Xu Xiaojian, Kothapalli Satya V V N, Liu Jiaming, Kahali Sayan, Gan Weijie, Yablonskiy Dmitriy A, Kamilov Ulugbek S
Department of Computer Science and Engineering, Washington University in St. Louis, St. Louis, Missouri, USA.
Department of Radiology, Washington University in St. Louis, St. Louis, Missouri, USA.
Magn Reson Med. 2022 Jul;88(1):106-119. doi: 10.1002/mrm.29188. Epub 2022 Mar 8.
To introduce two novel learning-based motion artifact removal networks (LEARN) for the estimation of quantitative motion- and -inhomogeneity-corrected maps from motion-corrupted multi-Gradient-Recalled Echo (mGRE) MRI data.
We train two convolutional neural networks (CNNs) to correct motion artifacts for high-quality estimation of quantitative -inhomogeneity-corrected maps from mGRE sequences. The first CNN, LEARN-IMG, performs motion correction on complex mGRE images, to enable the subsequent computation of high-quality motion-free quantitative (and any other mGRE-enabled) maps using the standard voxel-wise analysis or machine learning-based analysis. The second CNN, LEARN-BIO, is trained to directly generate motion- and -inhomogeneity-corrected quantitative maps from motion-corrupted magnitude-only mGRE images by taking advantage of the biophysical model describing the mGRE signal decay.
We show that both CNNs trained on synthetic MR images are capable of suppressing motion artifacts while preserving details in the predicted quantitative maps.
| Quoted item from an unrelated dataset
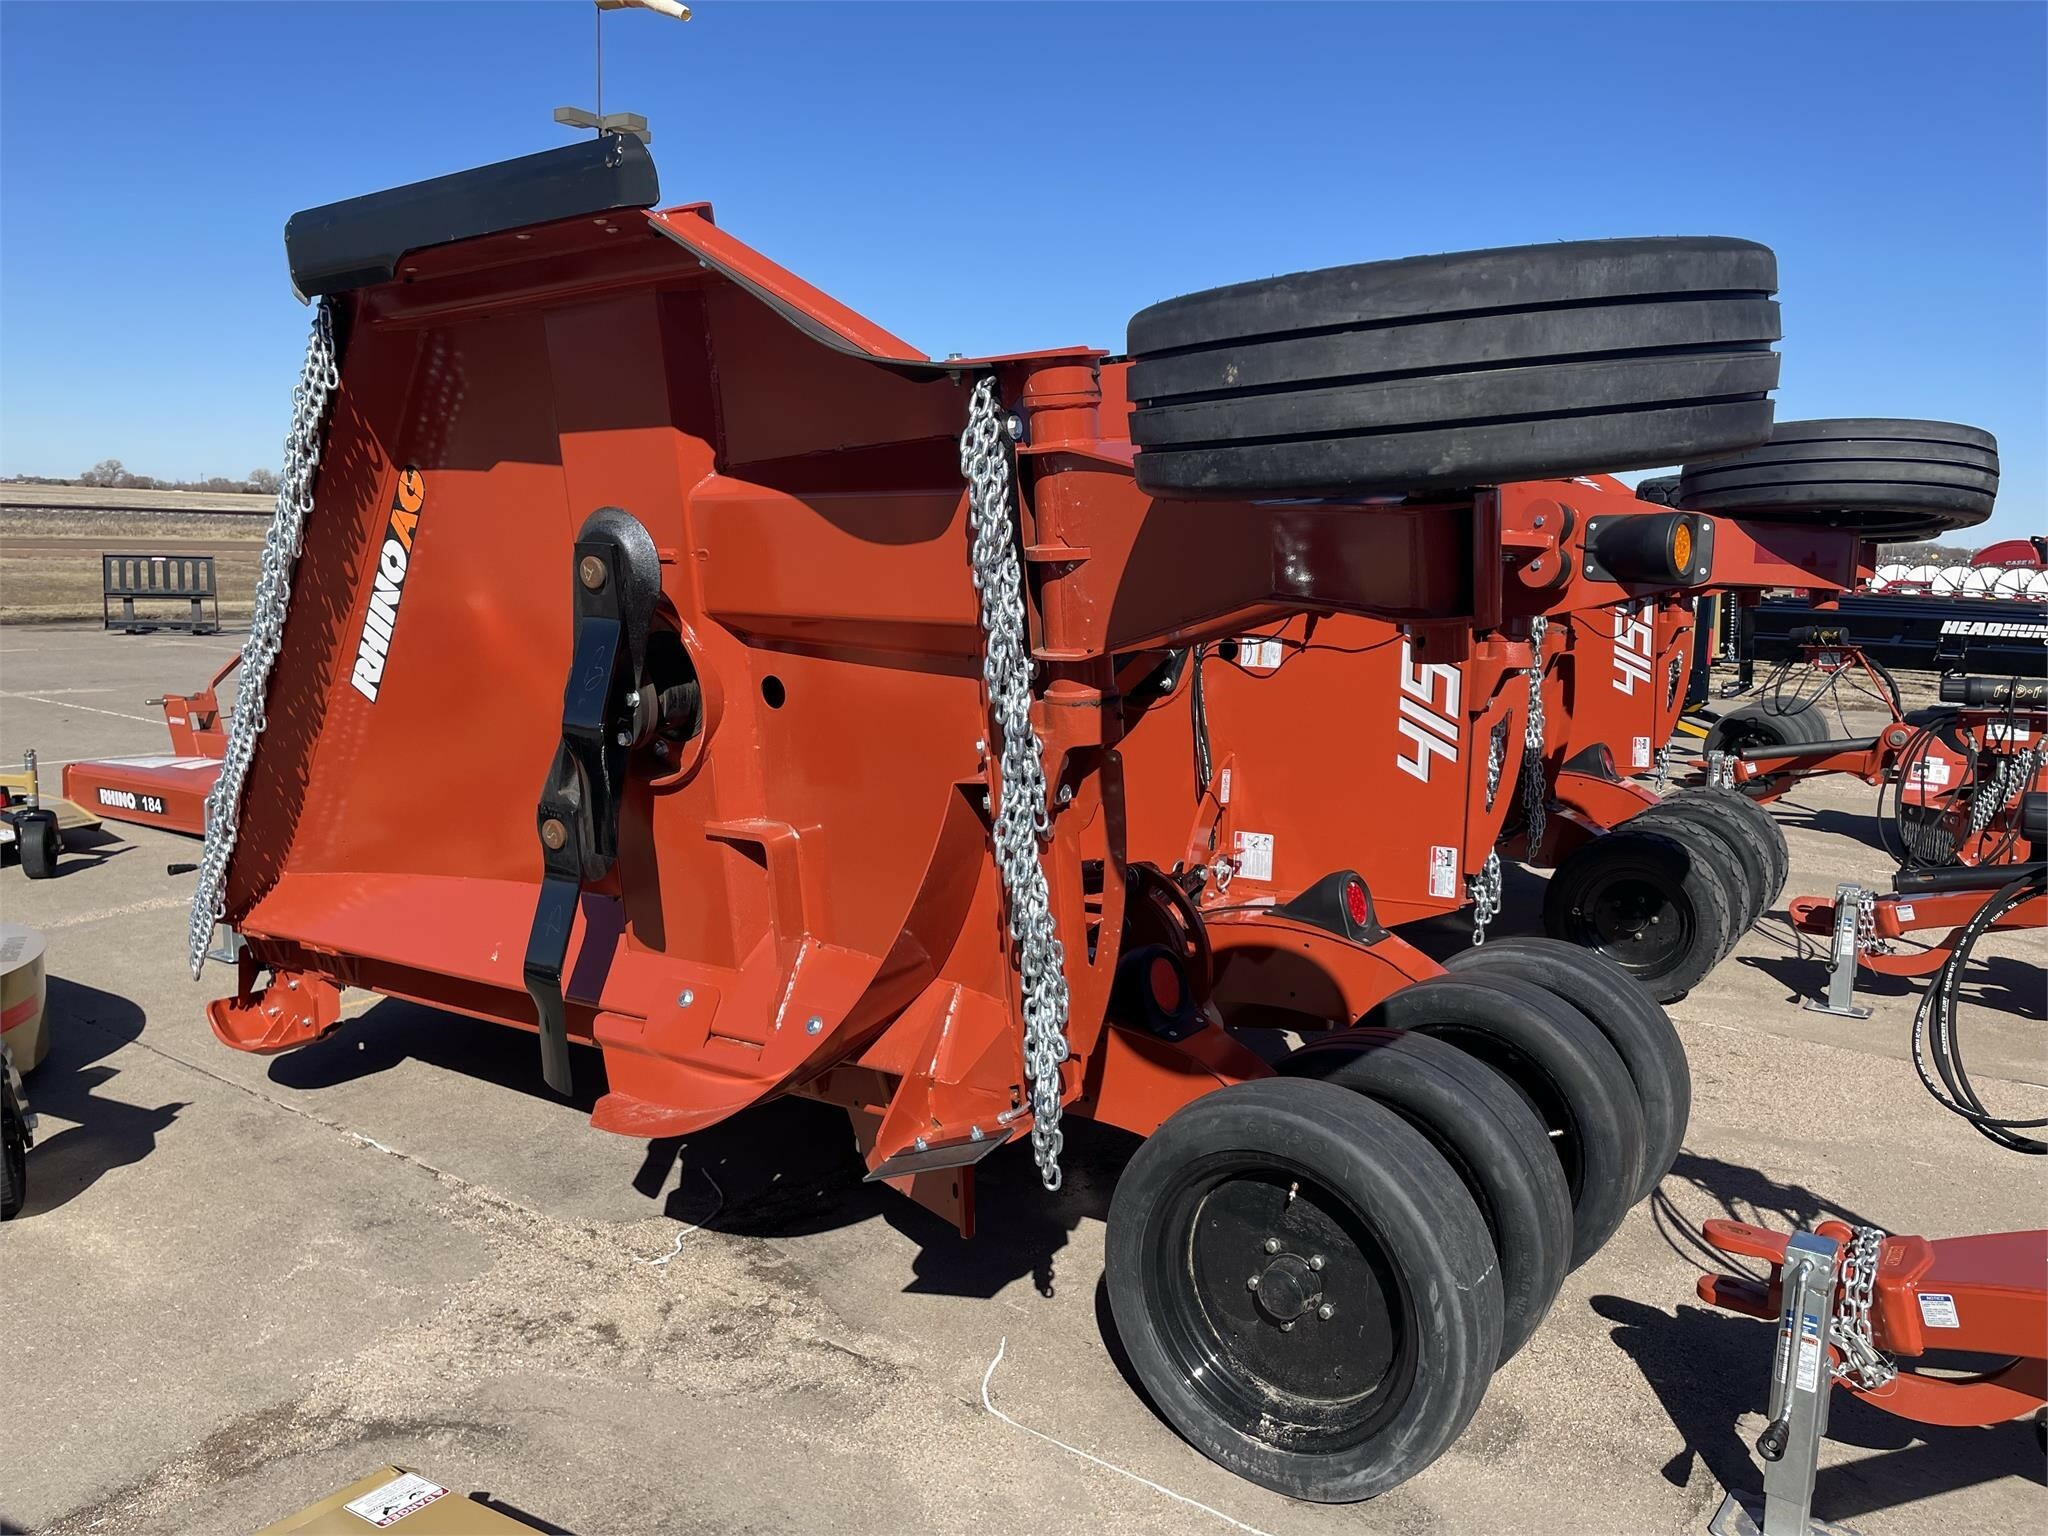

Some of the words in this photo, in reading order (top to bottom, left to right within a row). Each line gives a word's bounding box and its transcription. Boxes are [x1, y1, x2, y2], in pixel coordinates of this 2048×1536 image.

Significant reduction of motion artifacts on experimental in vivo motion-corrupted data has also been achieved by using our trained models.
Both LEARN-IMG and LEARN-BIO can enable the computation of high-quality motion- and -inhomogeneity-corrected maps. LEARN-IMG performs motion correction on mGRE images and relies on the subsequent analysis for the estimation of maps, while LEARN-BIO directly performs motion- and -inhomogeneity-corrected estimation. Both LEARN-IMG and LEARN-BIO jointly process all the available gradient echoes, which enables them to exploit spatial patterns available in the data. The high computational speed of LEARN-BIO is an advantage that can lead to a broader clinical application.
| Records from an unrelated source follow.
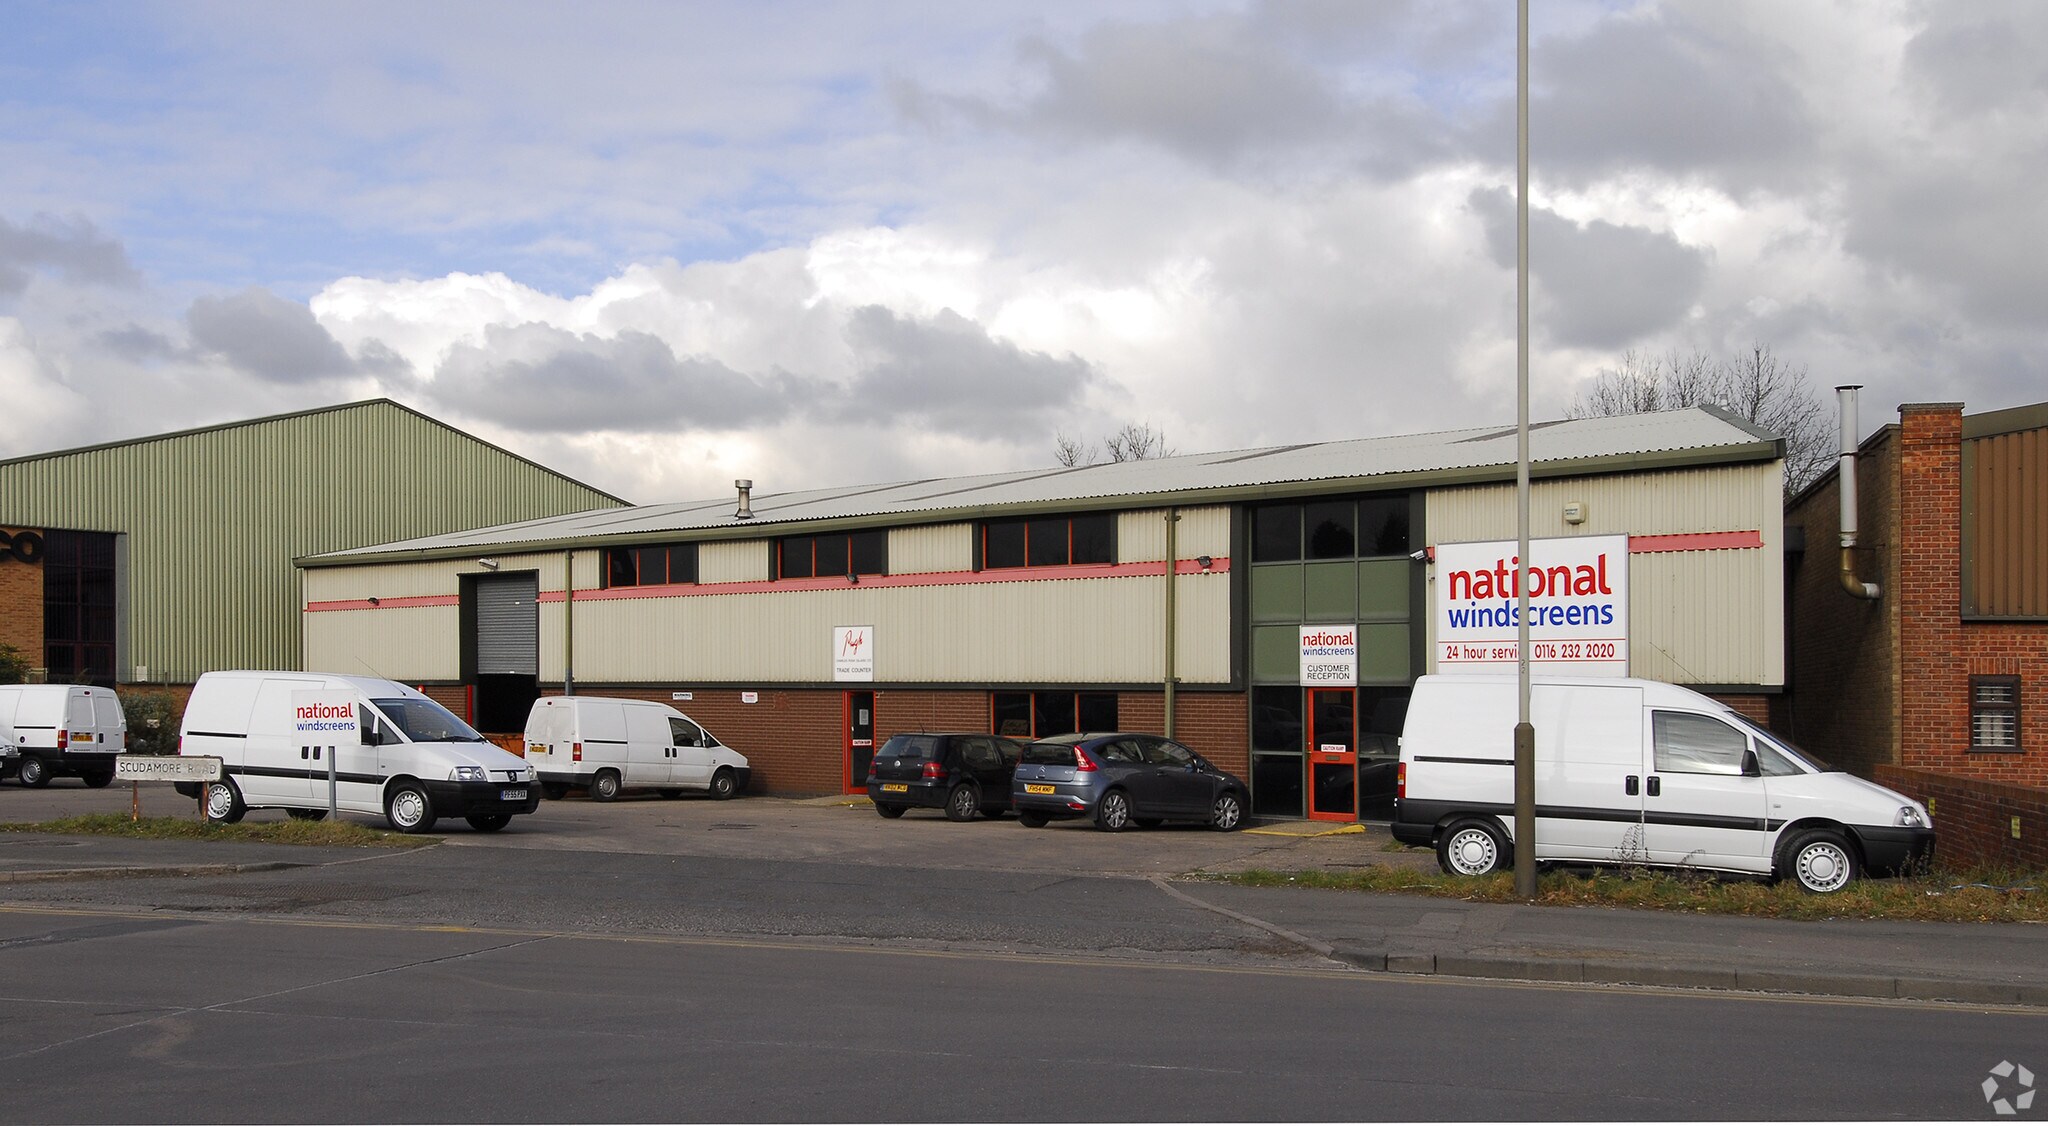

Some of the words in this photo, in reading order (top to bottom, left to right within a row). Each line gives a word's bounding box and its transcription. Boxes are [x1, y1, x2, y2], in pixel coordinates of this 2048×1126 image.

[1448, 553, 1612, 600] national
[1448, 600, 1614, 628] windscreens
[1303, 631, 1354, 646] national
[1303, 646, 1355, 656] windscreens
[1446, 645, 1459, 659] 24
[1463, 645, 1488, 659] hour
[1492, 643, 1519, 659] servi
[1534, 644, 1556, 658] 0116
[1561, 643, 1581, 658] 232
[1586, 643, 1615, 658] 2020
[1307, 664, 1350, 672] CUSTOMER
[1307, 672, 1350, 680] RECEPTION
[296, 702, 354, 719] national
[296, 720, 356, 731] windscreens
[120, 762, 181, 773] SCUDAMORE
引入两种基于学习的新型运动伪影去除网络(LEARN),用于从运动 corrupted 的多梯度回波(mGRE)MRI 数据中估计定量运动和不均匀性校正的图谱。
我们训练两个卷积神经网络(CNN)来校正运动伪影,以便从 mGRE 序列中高质量地估计定量不均匀性校正的图谱。第一个 CNN,LEARN-IMG,对复数 mGRE 图像执行运动校正,以便使用标准的体素级分析或基于机器学习的分析来随后计算高质量的无运动定量图谱(以及任何其他基于 mGRE 的图谱)。第二个 CNN,LEARN-BIO,通过利用描述 mGRE 信号衰减的生物物理模型,从仅运动 corrupted 的幅度 mGRE 图像中直接生成运动和不均匀性校正的定量图谱。
我们表明,在合成 MR 图像上训练的两个 CNN 都能够抑制运动伪影,同时在预测的定量图谱中保留细节。通过使用我们训练的模型,在实验性体内运动 corrupted 数据上也实现了运动伪影的显著减少。
LEARN-IMG 和 LEARN-BIO 都能够计算高质量的运动和不均匀性校正的图谱。LEARN-IMG 对 mGRE 图像执行运动校正,并依赖后续分析来估计图谱,而 LEARN-BIO 直接执行运动和不均匀性校正的估计。LEARN-IMG 和 LEARN-BIO 都联合处理所有可用的梯度回波,这使它们能够利用数据中可用的空间模式。LEARN-BIO 的高计算速度是一个优势,可导致更广泛的临床应用。